The pseudonym "Philo Vaihinger" has been abandoned. All posts have been and are written by me, Joseph Auclair.

Saturday, November 4, 2017

Vindicating the defenders of Confederate monuments

Opposed to taking them down, defenders of the monuments argued from Trump to Buchanan that those who wanted them taken down would move on to attack all monuments to America's past leaders.

The virtuous Children of Zinn seem determined to vindicate the claims of those defenders.

The social justice warriors, having spent their fury on monuments to the Confederacy, have gone in search of other targets. 

At the University of Wisconsin-Madison, they have set their sights on America’s sixteenth president, Abraham Lincoln.

All the same, not all of America's celebrated heroes are honored for their sins, like the Confederate leaders.

And that makes the question of America's past and celebration of it a wedge issue that can be easily used against Democrats.

During this controversy, white Democrats have stood for taking down Confederate monuments because those monuments celebrate those people precisely for their sins: for fighting a treasonous war against the United States solely in order to preserve the chattel slavery of black people.
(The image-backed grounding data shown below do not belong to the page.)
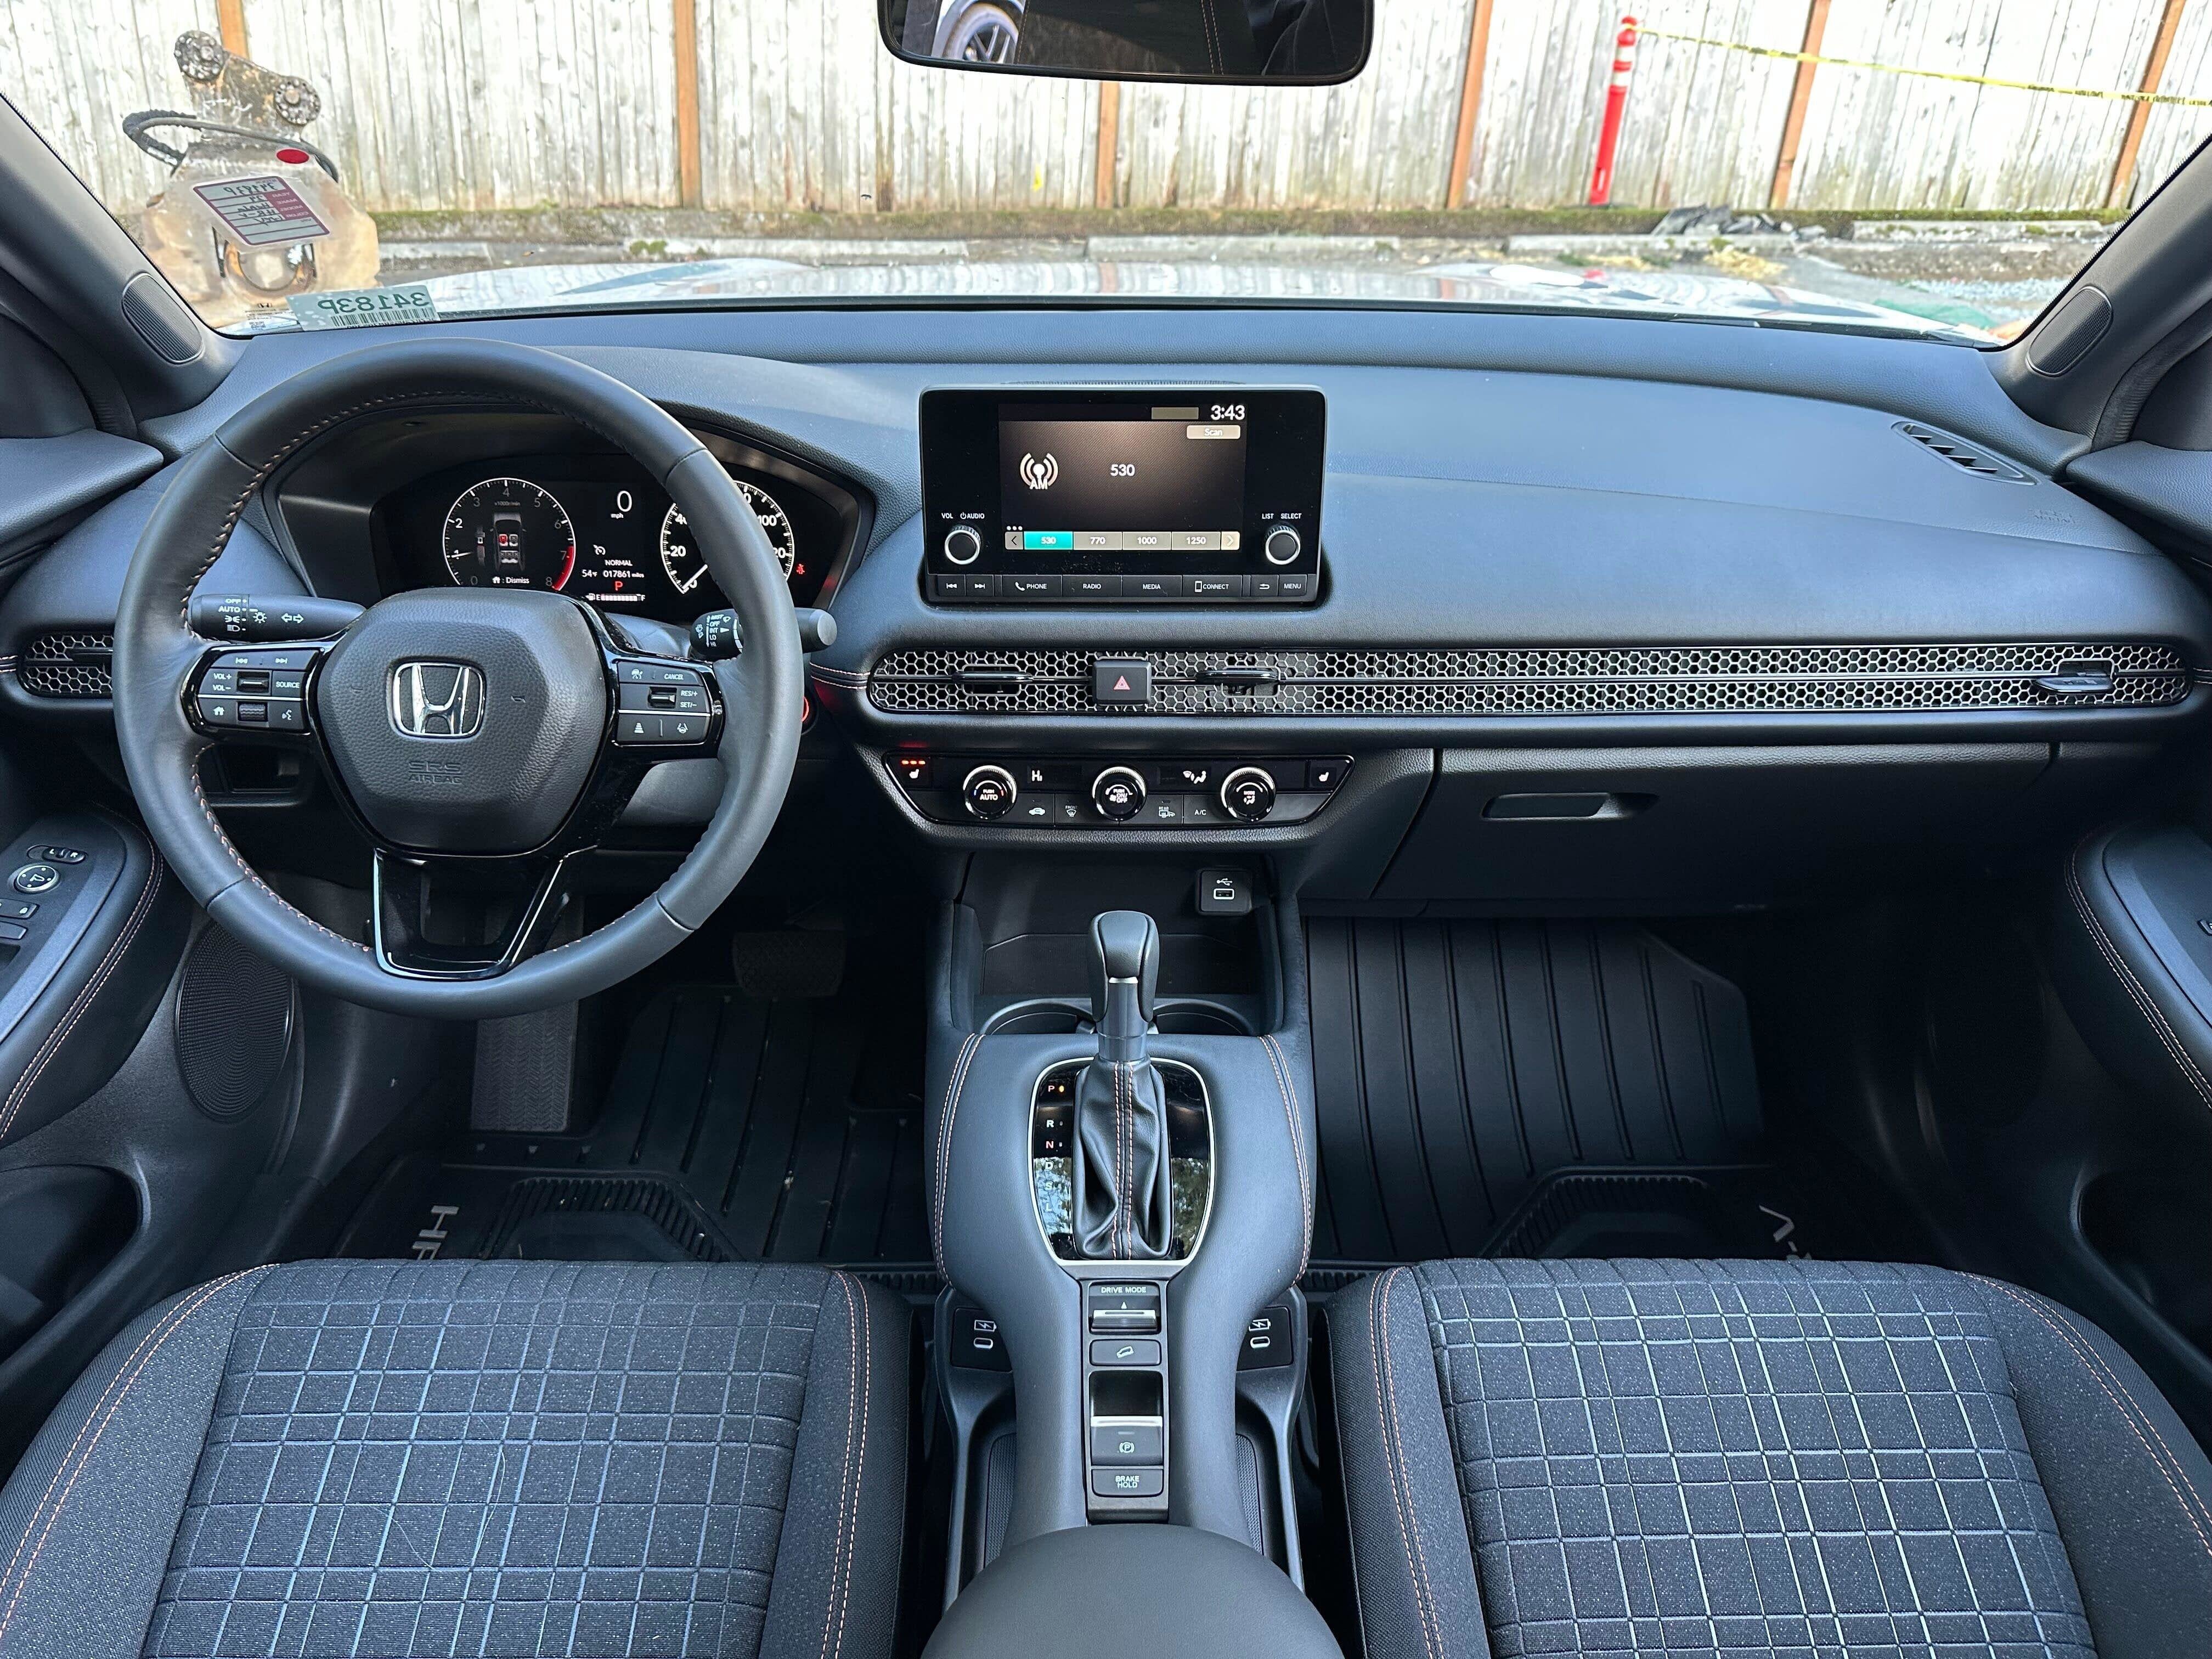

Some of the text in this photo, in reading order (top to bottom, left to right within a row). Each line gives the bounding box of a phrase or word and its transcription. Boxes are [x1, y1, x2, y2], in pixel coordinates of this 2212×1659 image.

[1211, 405, 1245, 420] 3:43
[1110, 464, 1136, 477] 530
[1029, 478, 1048, 489] AM
[503, 488, 509, 496] 4
[473, 497, 480, 506] 3
[534, 498, 541, 507] 5
[617, 490, 632, 512] 0
[455, 518, 463, 528] 2
[555, 520, 561, 529] 6
[1041, 537, 1206, 545] 530 770 1000 1250
[561, 550, 567, 560] 7
[670, 545, 686, 557] 20
[471, 576, 478, 585] 0
[545, 577, 552, 586] 8
[615, 581, 623, 591] P
[409, 760, 461, 773] SRS
[1045, 1161, 1053, 1170] D
Monuments to Washington, Jefferson, and Lincoln, however, don't do that, nor do the bulk of monuments to American heroes of the past, and white Democrats have so far rejected tearing them down because of the sins of those heroes.
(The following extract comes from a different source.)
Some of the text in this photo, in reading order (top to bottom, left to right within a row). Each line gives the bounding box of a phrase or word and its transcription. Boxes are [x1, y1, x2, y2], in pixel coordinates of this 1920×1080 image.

But the SJW's and many nonwhite Democrats are forthright Children of Zinn, committed to the racist dogma of indigenism as well as pretty much anything else expressing hatred of the white race and its history in the New World, and they have already denounced monuments to Jefferson and Washington, for example, because those men owned slaves and did not manumit them.

And the truth is that nearly all Democratic pundits, spokespeople, and office-holders have come to at least tacitly accept the indigenista racism of the Children of Zinn and the associated position on Columbus and the European peopling of the Americas, in many cities replacing Columbus Day with Indigenous Peoples Day.

But it is not the view of the overwhelming majority of Democratic voters, nor even of majorities of black voters, nor indeed of white voters in general, that the very existence of our country and its entire history should be publicly regarded as crimes, as polling in connection with the removal of Confederate monuments has shown.

And that makes this a good issue for Trumpists and Republicans in general to focus on.